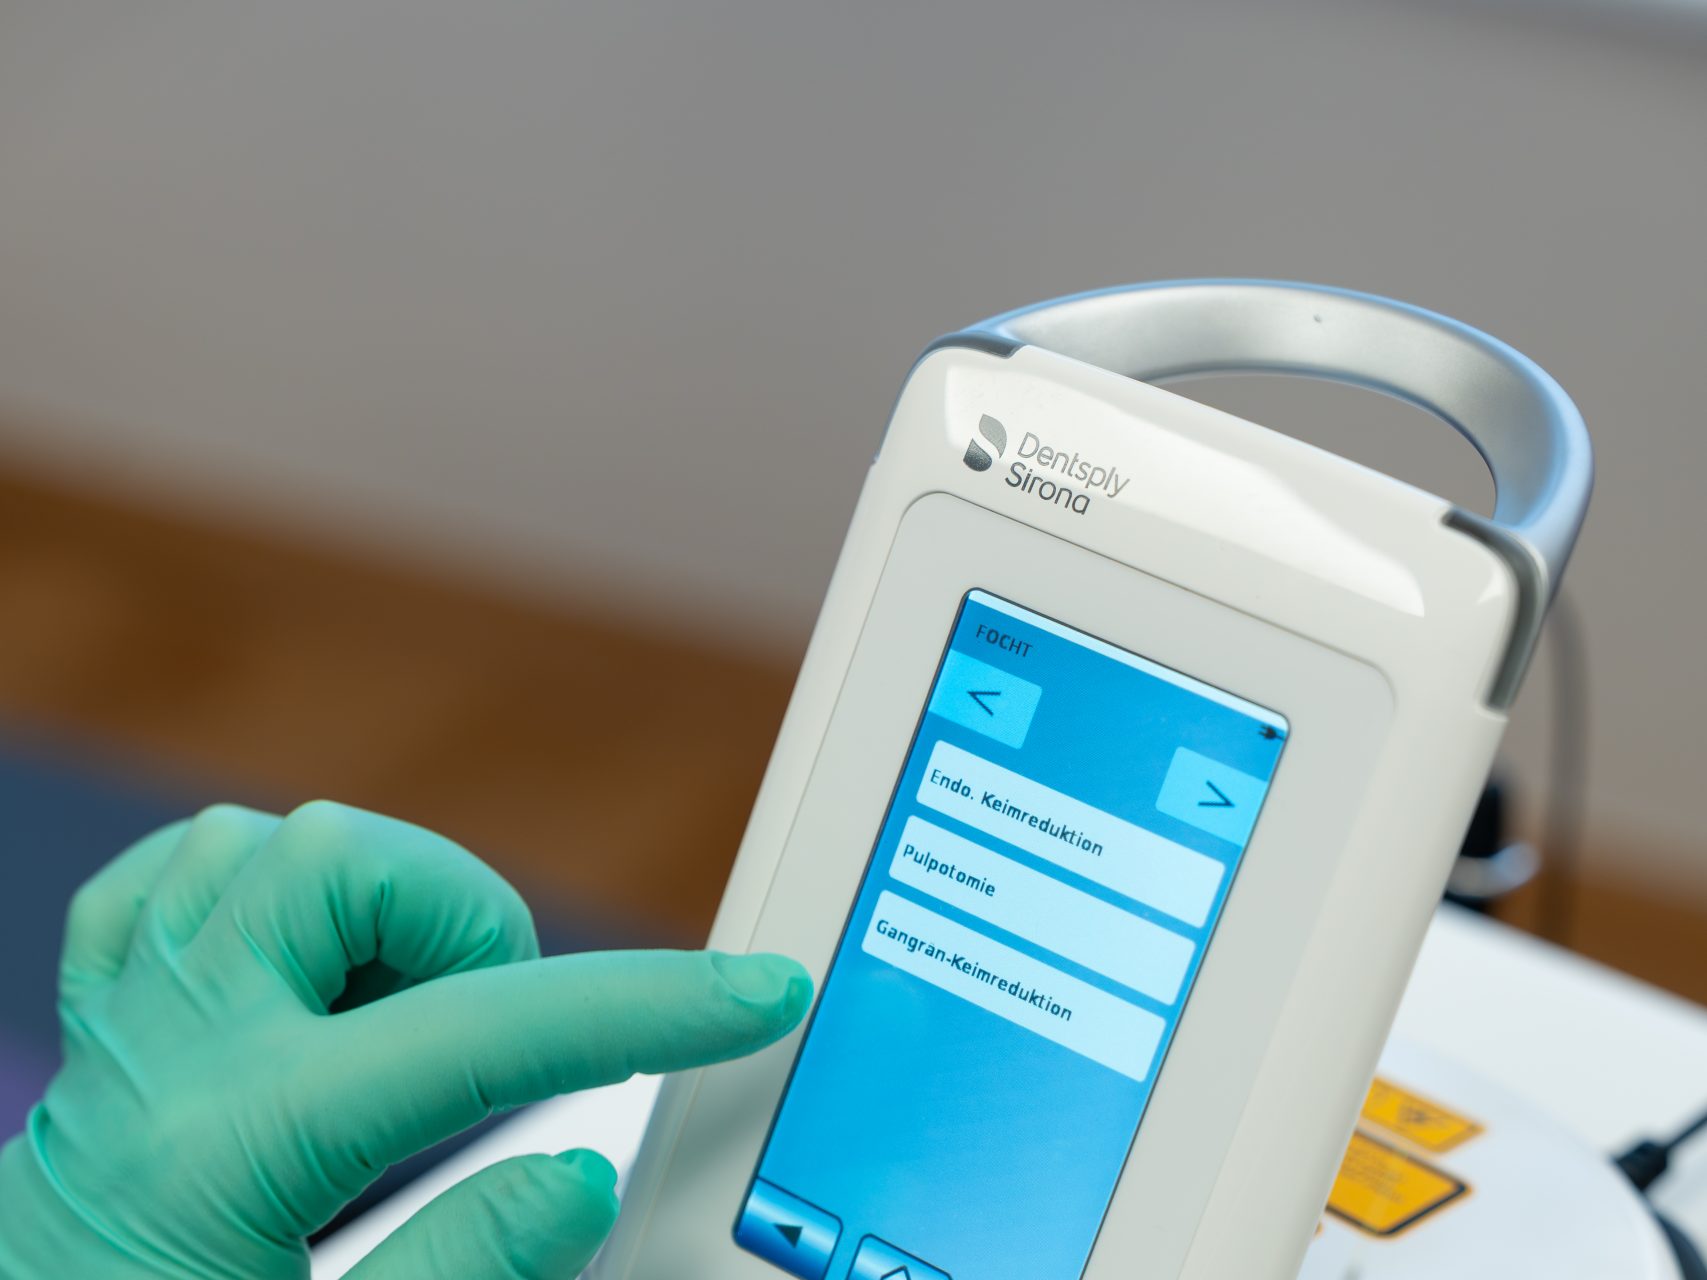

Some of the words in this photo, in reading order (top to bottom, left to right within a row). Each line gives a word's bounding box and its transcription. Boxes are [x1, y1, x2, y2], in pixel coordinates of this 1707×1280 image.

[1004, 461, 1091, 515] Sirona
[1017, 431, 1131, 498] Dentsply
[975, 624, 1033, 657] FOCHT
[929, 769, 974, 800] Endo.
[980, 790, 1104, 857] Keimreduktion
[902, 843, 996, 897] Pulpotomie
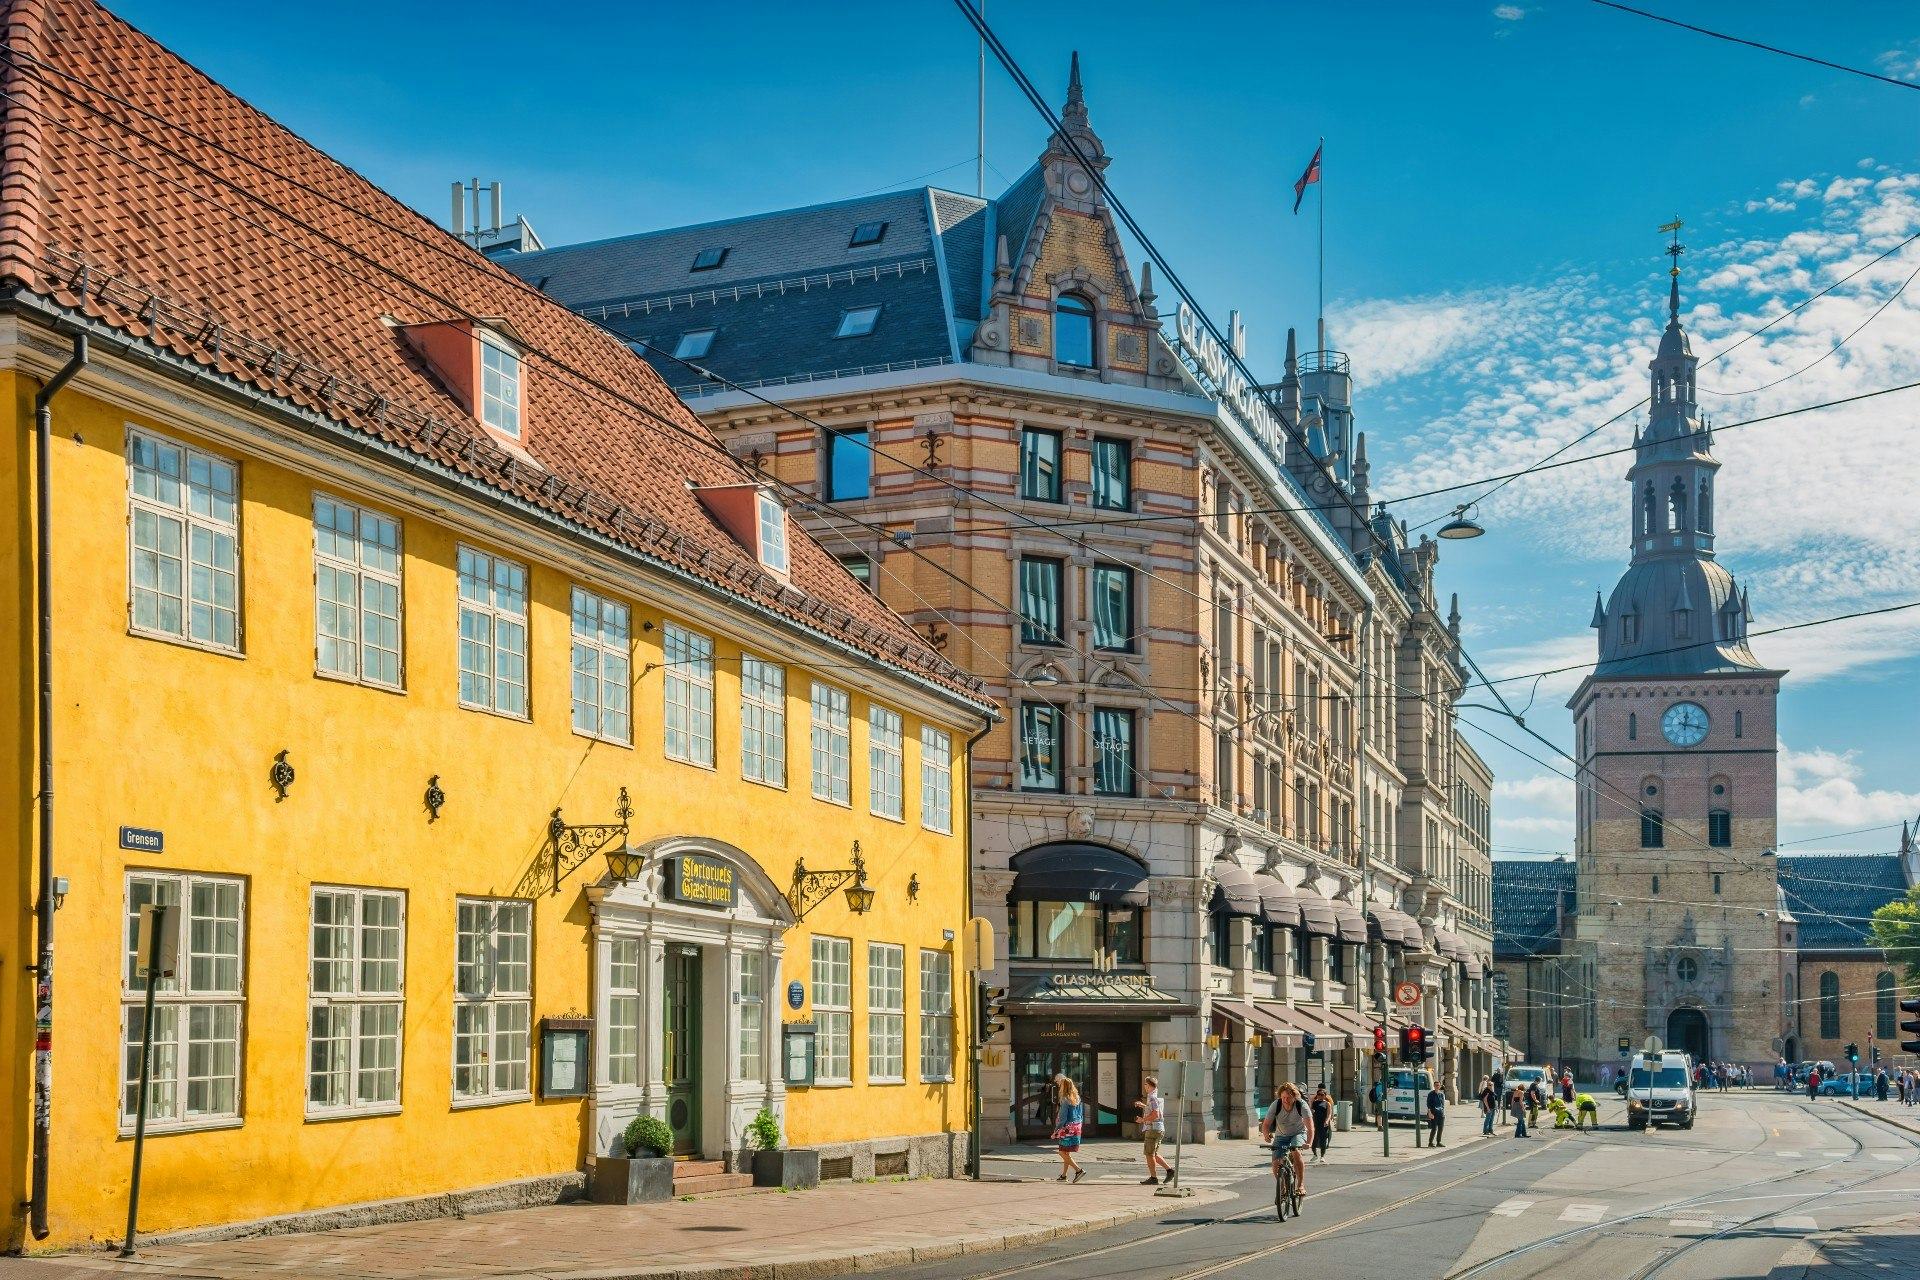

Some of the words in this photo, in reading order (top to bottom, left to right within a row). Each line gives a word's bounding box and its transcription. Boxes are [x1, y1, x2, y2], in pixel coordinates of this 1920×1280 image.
━━━━━━
§ What is required
Set down the records in full and exactly. Do not carry over any image.

§ Solution to the exercise
Some of the words in this photo, in reading order (top to bottom, left to right within a row). Each line gives a word's bounding box and its transcription. Boxes are [x1, y1, x2, y2], in pixel coordinates of this 1707×1280 image.

[1004, 461, 1091, 515] Sirona
[1017, 431, 1131, 498] Dentsply
[975, 624, 1033, 657] FOCHT
[929, 769, 974, 800] Endo.
[980, 790, 1104, 857] Keimreduktion
[902, 843, 996, 897] Pulpotomie

Some of the words in this photo, in reading order (top to bottom, left to right within a row). Each line gives a word's bounding box and its transcription. Boxes are [x1, y1, x2, y2], in pixel coordinates of this 1920×1280 image.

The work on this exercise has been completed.